» **What to work on**
Your copy should hold every record verbatim and none of the pictures.

(Saved entries)
※

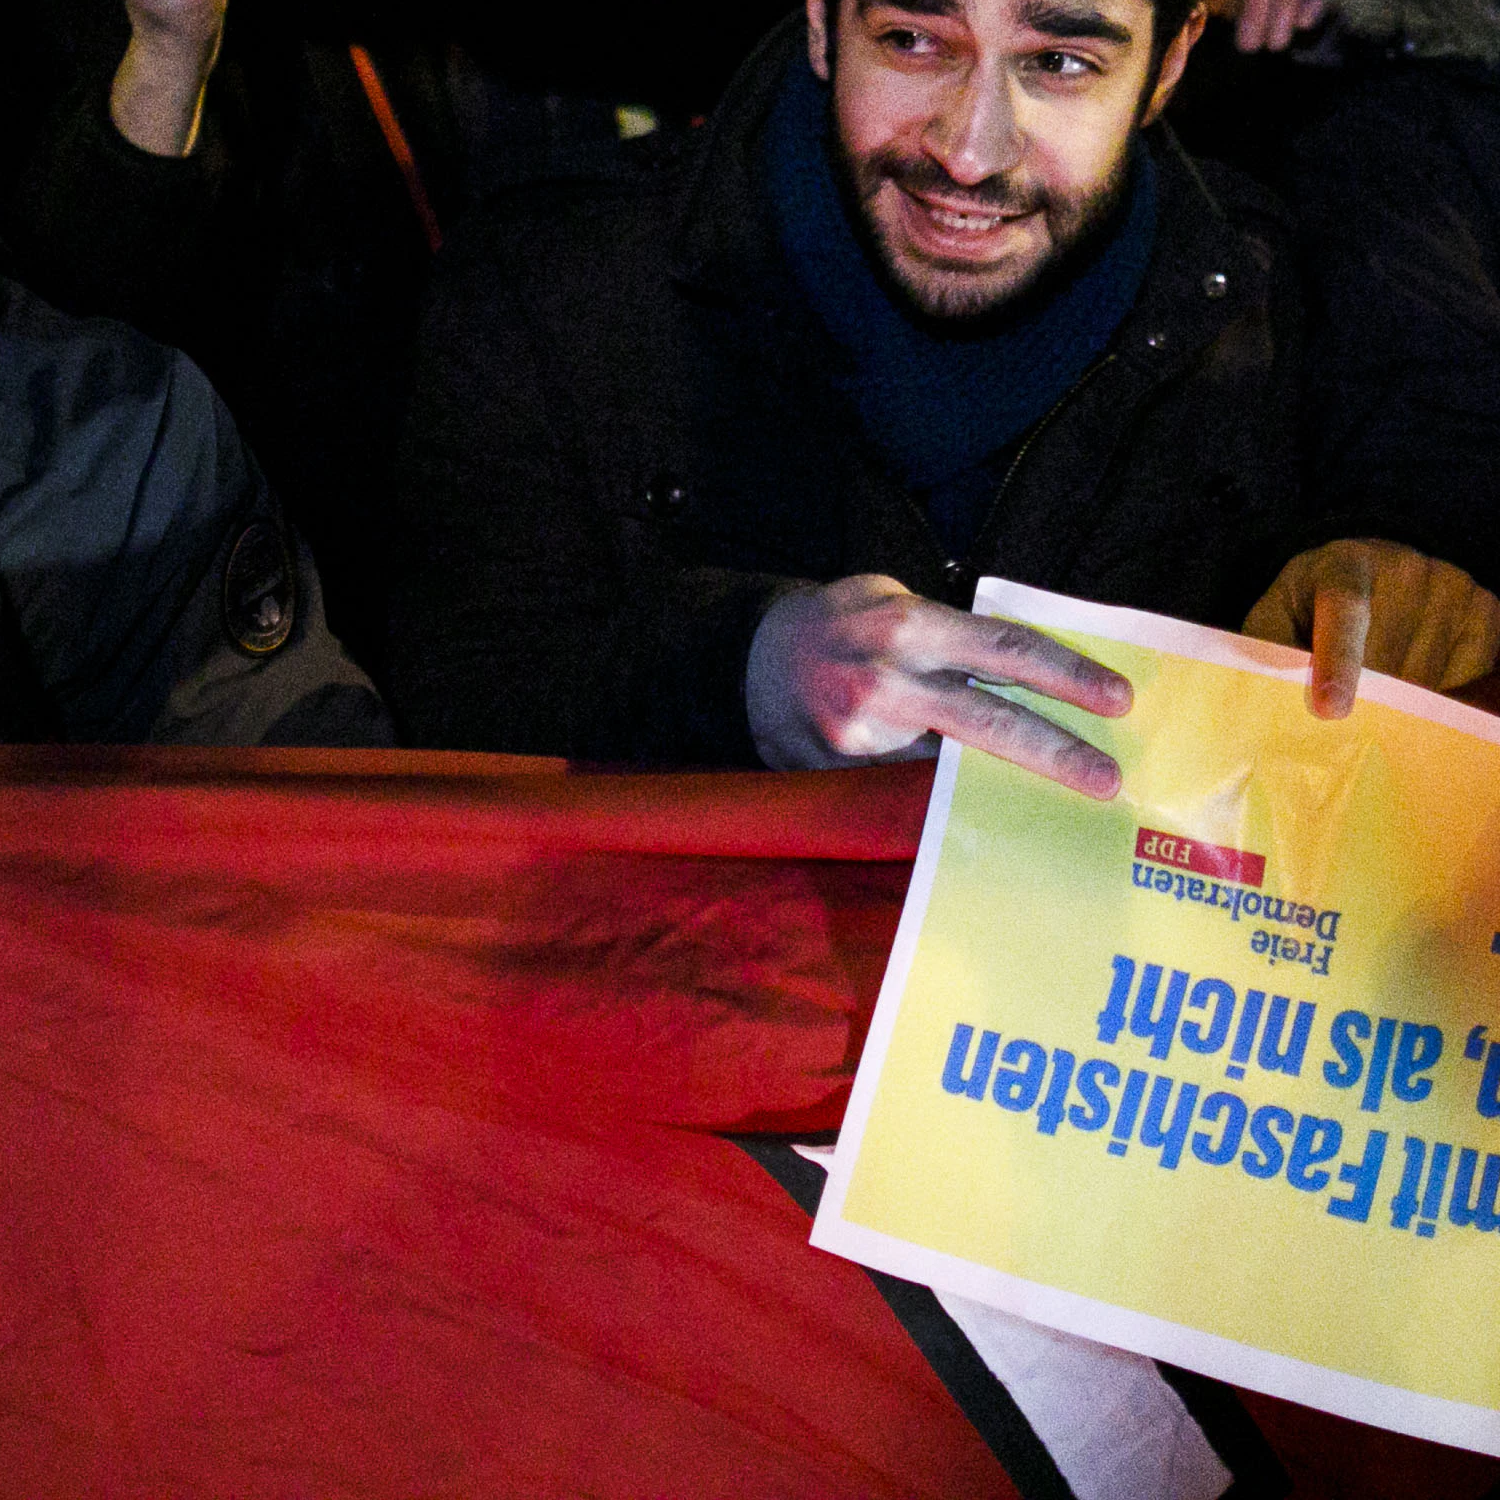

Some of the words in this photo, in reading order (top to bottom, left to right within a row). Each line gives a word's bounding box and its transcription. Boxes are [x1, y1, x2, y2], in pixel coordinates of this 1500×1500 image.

[1143, 836, 1192, 865] FDP
[1132, 862, 1342, 942] Demokraten
[1250, 929, 1334, 976] Freie
[1097, 953, 1317, 1081] nicht
[1324, 1007, 1445, 1104] als
[941, 1021, 1391, 1228] Faschisten
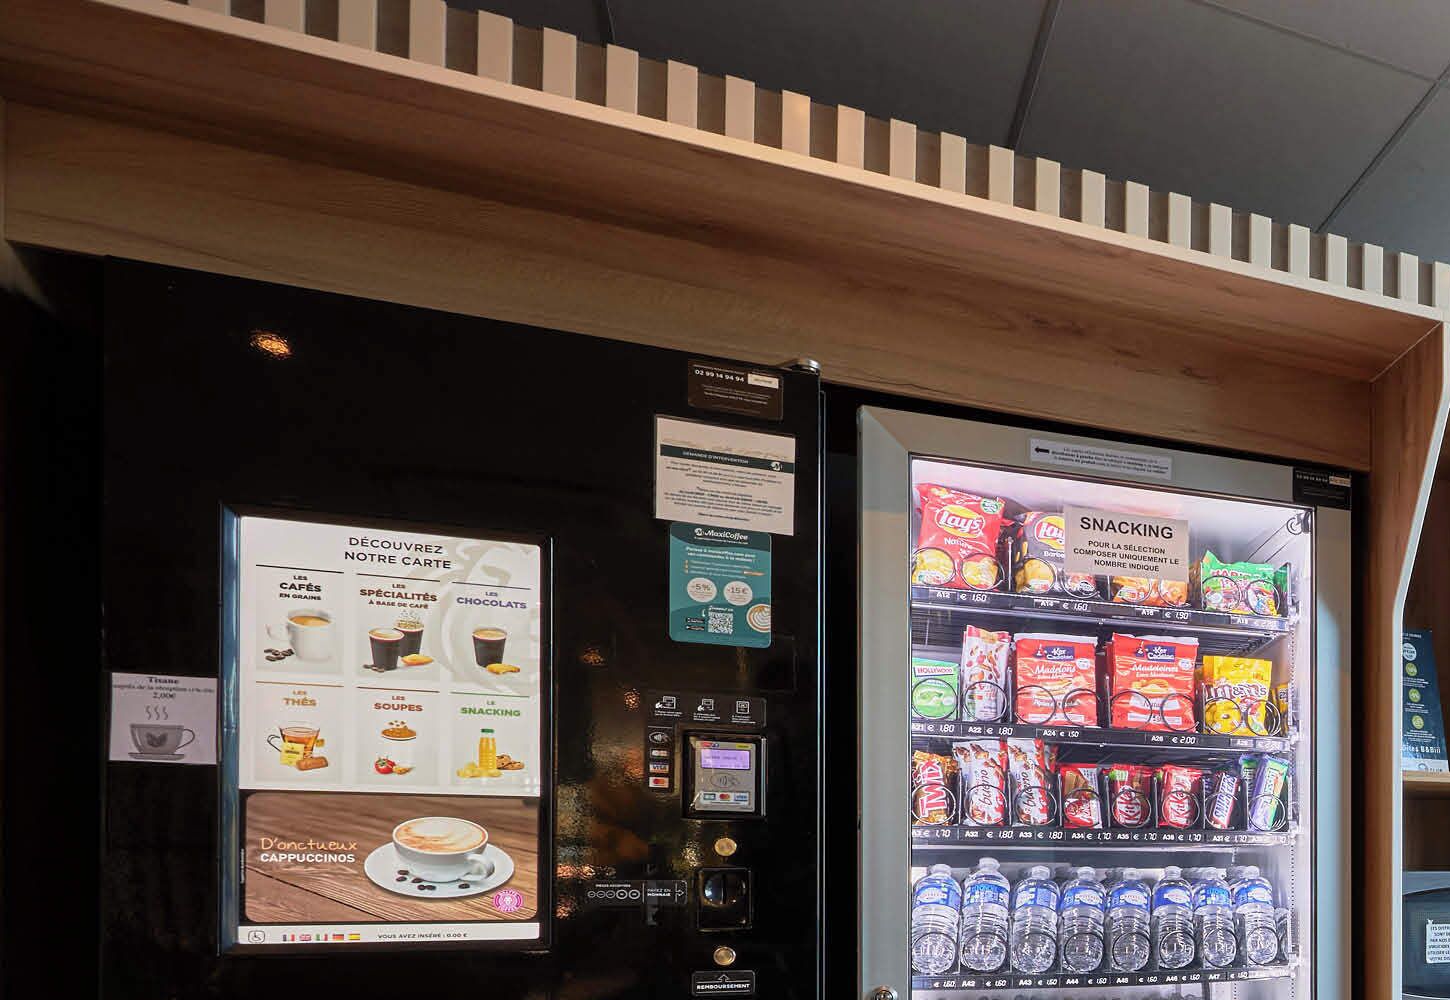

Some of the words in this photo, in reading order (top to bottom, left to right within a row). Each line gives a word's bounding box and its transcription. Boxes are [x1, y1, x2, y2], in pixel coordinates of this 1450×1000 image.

[1080, 516, 1174, 540] SNACKING
[704, 529, 749, 541] MaxiCoffee
[349, 536, 443, 555] DÉCOUVREZ
[1088, 540, 1110, 549] POUR
[1123, 544, 1166, 555] SÉLECTION
[344, 551, 397, 564] NOTRE
[401, 555, 452, 569] CARTE
[1073, 547, 1117, 559] COMPOSER
[1118, 553, 1168, 564] UNIQUEMENT
[1094, 559, 1127, 569] NOMBRE
[279, 582, 322, 592] CAFÉS
[359, 588, 438, 602] SPÉCIALITÉS
[936, 591, 951, 599] A12
[456, 596, 528, 609] CHOCOLATS
[283, 697, 318, 707] THÉS
[374, 702, 423, 712] SOUPES
[460, 706, 521, 717] SNACKING
[980, 768, 994, 806] bueno
[1020, 771, 1037, 808] bueno
[1071, 832, 1085, 840] A34
[260, 853, 355, 863] CAPPUCCINOS

※

» **Answer box**
Some of the words in this photo, in reading order (top to bottom, left to right within a row). Each line gives a word's bounding box and its transcription. Boxes are [x1, y1, x2, y2], in pixel coordinates of this 1500×1500 image.

[1143, 836, 1192, 865] FDP
[1132, 862, 1342, 942] Demokraten
[1250, 929, 1334, 976] Freie
[1097, 953, 1317, 1081] nicht
[1324, 1007, 1445, 1104] als
[941, 1021, 1391, 1228] Faschisten

Some of the words in this photo, in reading order (top to bottom, left to right within a row). Each line gives a word's bounding box and its transcription. Boxes are [x1, y1, x2, y2], in pixel coordinates of this 1450×1000 image.

[1080, 516, 1174, 540] SNACKING
[704, 529, 749, 541] MaxiCoffee
[349, 536, 443, 555] DÉCOUVREZ
[1088, 540, 1110, 549] POUR
[1123, 544, 1166, 555] SÉLECTION
[344, 551, 397, 564] NOTRE
[401, 555, 452, 569] CARTE
[1073, 547, 1117, 559] COMPOSER
[1118, 553, 1168, 564] UNIQUEMENT
[1094, 559, 1127, 569] NOMBRE
[279, 582, 322, 592] CAFÉS
[359, 588, 438, 602] SPÉCIALITÉS
[936, 591, 951, 599] A12
[456, 596, 528, 609] CHOCOLATS
[283, 697, 318, 707] THÉS
[374, 702, 423, 712] SOUPES
[460, 706, 521, 717] SNACKING
[980, 768, 994, 806] bueno
[1020, 771, 1037, 808] bueno
[1071, 832, 1085, 840] A34
[260, 853, 355, 863] CAPPUCCINOS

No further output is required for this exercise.